The money for the fund was raised from donors and Stanford GSB. One of the challenges is that unlike a fund that invests in public markets, these investments can’t simply be closed out each year to allow a new group of students to make their own choices.
“The investment must be monitored and maintained until there’s an exit,” Pfleiderer said. “We need to have students focused not just on the initial investment but also on due diligence over the years.”
To keep the program going each year, the Center for Social Innovation recruits leadership and manages the hand-off to rising second-year MBA students as well as MSx students. CSI also coordinates alumni advisors and information management to help ensure continuity.
In addition, working with the fund opens doors for students to talk with a wide variety of companies seeking funding, Pfleiderer said.
Liss, who headed the healthcare deal team that found Geneticure with the help of Swati Yanamadala (MD/MBA ’17) and Hilary Bartlett (JD ’19/MBA ’17), said his committee started by looking at hundreds of companies, then did deeper research on a couple of dozen companies: “We would set up a call to see where they are, what are their fundraising needs, and analyze a set of criteria we deemed essential to our impact investing mission, such as whether the investment would be moving the needle for the company.”
Because the fund is part of Stanford GSB, those involved also have the opportunity to grapple with academic questions. For example: How is impact defined and measured? What kind of financial return should impact investors expect?
“Students tend to have this view that there’s no tradeoff, that there will be a great financial return as well as social impact,” Pfleiderer said. “But if so, then why do we need to fund this? Why doesn’t the venture just get capital from regular investors who are only interested in financial returns?”

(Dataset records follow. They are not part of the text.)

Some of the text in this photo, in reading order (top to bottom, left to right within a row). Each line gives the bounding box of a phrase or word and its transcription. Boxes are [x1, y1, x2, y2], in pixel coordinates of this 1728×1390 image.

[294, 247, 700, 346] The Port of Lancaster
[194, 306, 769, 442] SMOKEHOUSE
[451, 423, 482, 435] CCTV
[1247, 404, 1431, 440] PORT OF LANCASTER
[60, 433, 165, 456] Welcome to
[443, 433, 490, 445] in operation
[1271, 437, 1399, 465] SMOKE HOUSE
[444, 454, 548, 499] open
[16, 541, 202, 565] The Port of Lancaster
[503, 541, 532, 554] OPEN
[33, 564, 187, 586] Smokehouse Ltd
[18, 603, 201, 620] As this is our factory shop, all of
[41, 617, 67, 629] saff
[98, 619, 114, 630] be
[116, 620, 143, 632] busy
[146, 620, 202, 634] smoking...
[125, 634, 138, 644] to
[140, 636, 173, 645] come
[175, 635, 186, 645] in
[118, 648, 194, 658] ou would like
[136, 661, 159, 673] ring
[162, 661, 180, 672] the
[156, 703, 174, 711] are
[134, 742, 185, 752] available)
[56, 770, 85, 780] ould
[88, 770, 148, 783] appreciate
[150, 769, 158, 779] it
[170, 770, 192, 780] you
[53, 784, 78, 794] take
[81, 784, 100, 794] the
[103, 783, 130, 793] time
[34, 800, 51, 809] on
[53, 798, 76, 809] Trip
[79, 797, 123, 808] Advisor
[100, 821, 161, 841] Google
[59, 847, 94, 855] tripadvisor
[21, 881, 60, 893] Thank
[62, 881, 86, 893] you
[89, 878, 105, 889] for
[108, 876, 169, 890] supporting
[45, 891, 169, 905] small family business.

On the other hand, if the idea of impact investing is to help fund enterprises that would not otherwise be funded, “there must be a view that you’re willing to trade off some financial returns for greater impact,” Pfleiderer said.

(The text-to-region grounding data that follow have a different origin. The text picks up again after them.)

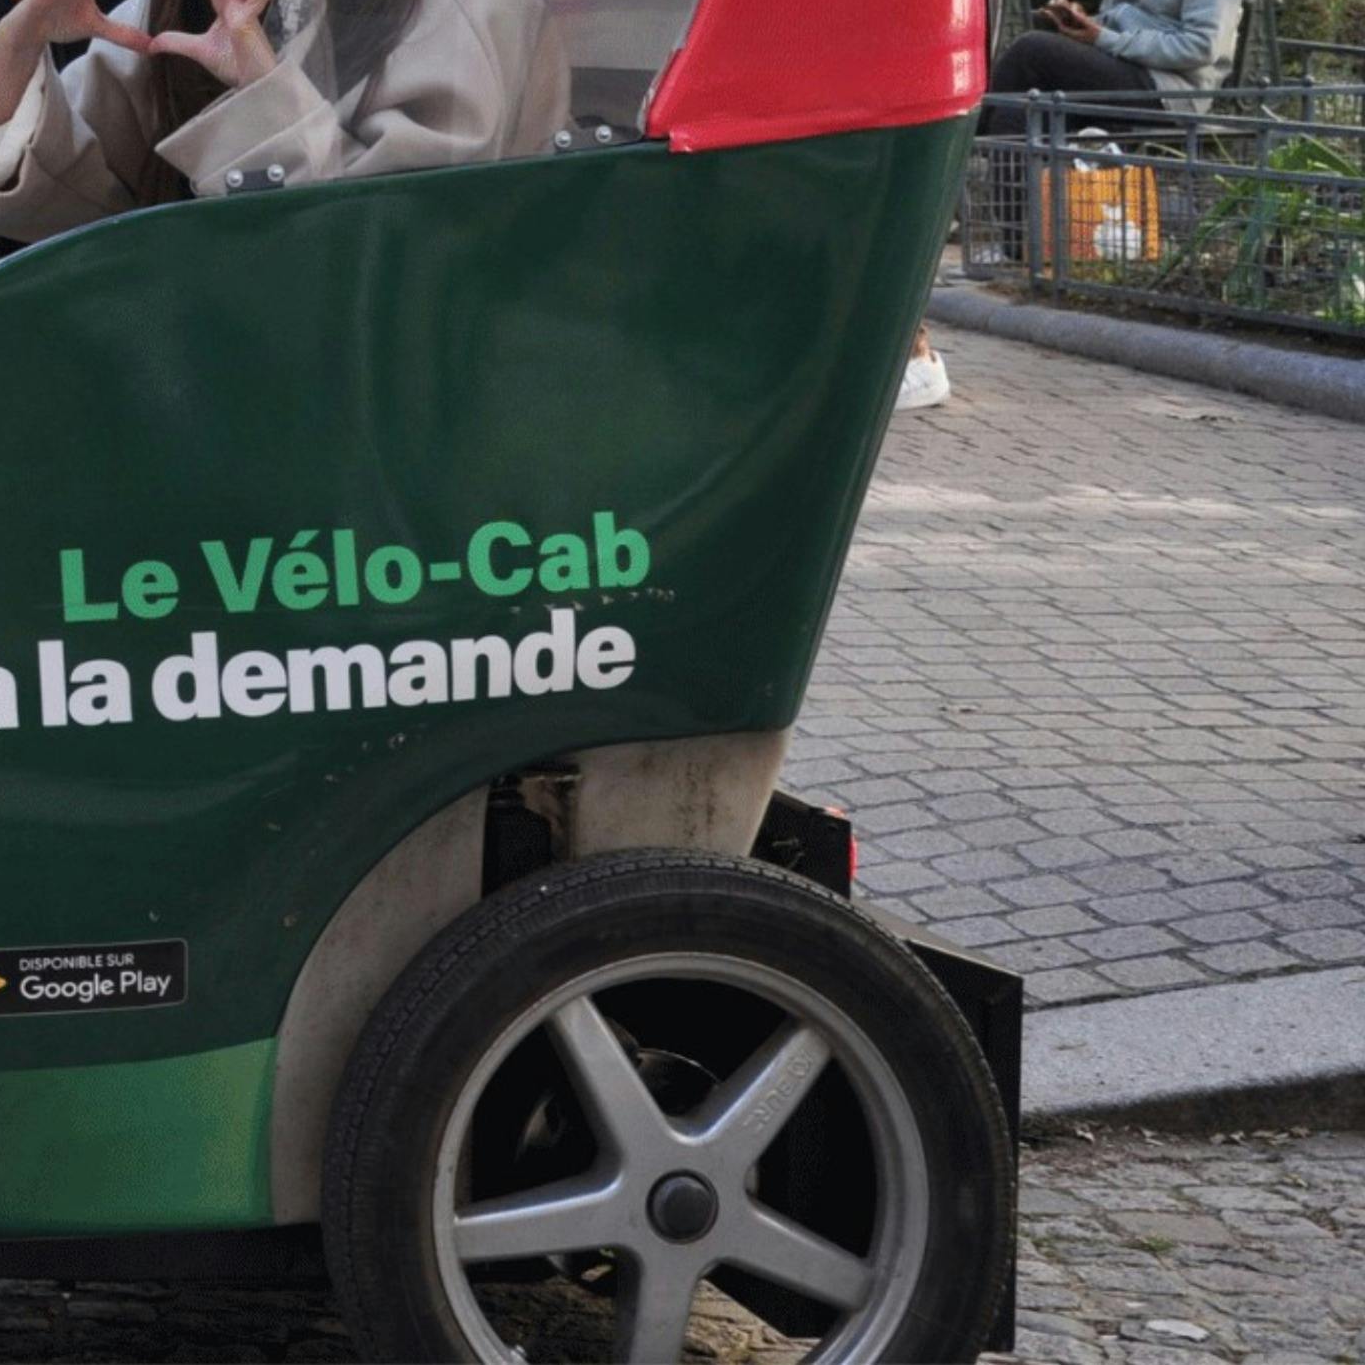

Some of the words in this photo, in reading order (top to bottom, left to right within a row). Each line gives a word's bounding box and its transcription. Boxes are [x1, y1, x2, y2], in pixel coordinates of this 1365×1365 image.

[60, 549, 179, 622] Le
[201, 511, 651, 613] Vélo-Cab
[38, 640, 132, 727] la
[151, 608, 636, 721] demande
[19, 954, 104, 972] DISPONIBLE
[106, 953, 135, 967] SUR
[19, 973, 115, 1003] Google
[119, 970, 172, 997] Play

For Catherine Chien, MSx ’16, who worked at a global equities hedge fund prior to business school, the experience with the fund and considering questions like these confirmed for her that she wanted to build a career in impact investing. After graduating, she joined Emerson Collective, where she is responsible for impact investments in sustainability and climate change. Her experience “showed to potential employers that I am committed to making the career change and am equipping myself with the right skills and networks,” Chien said.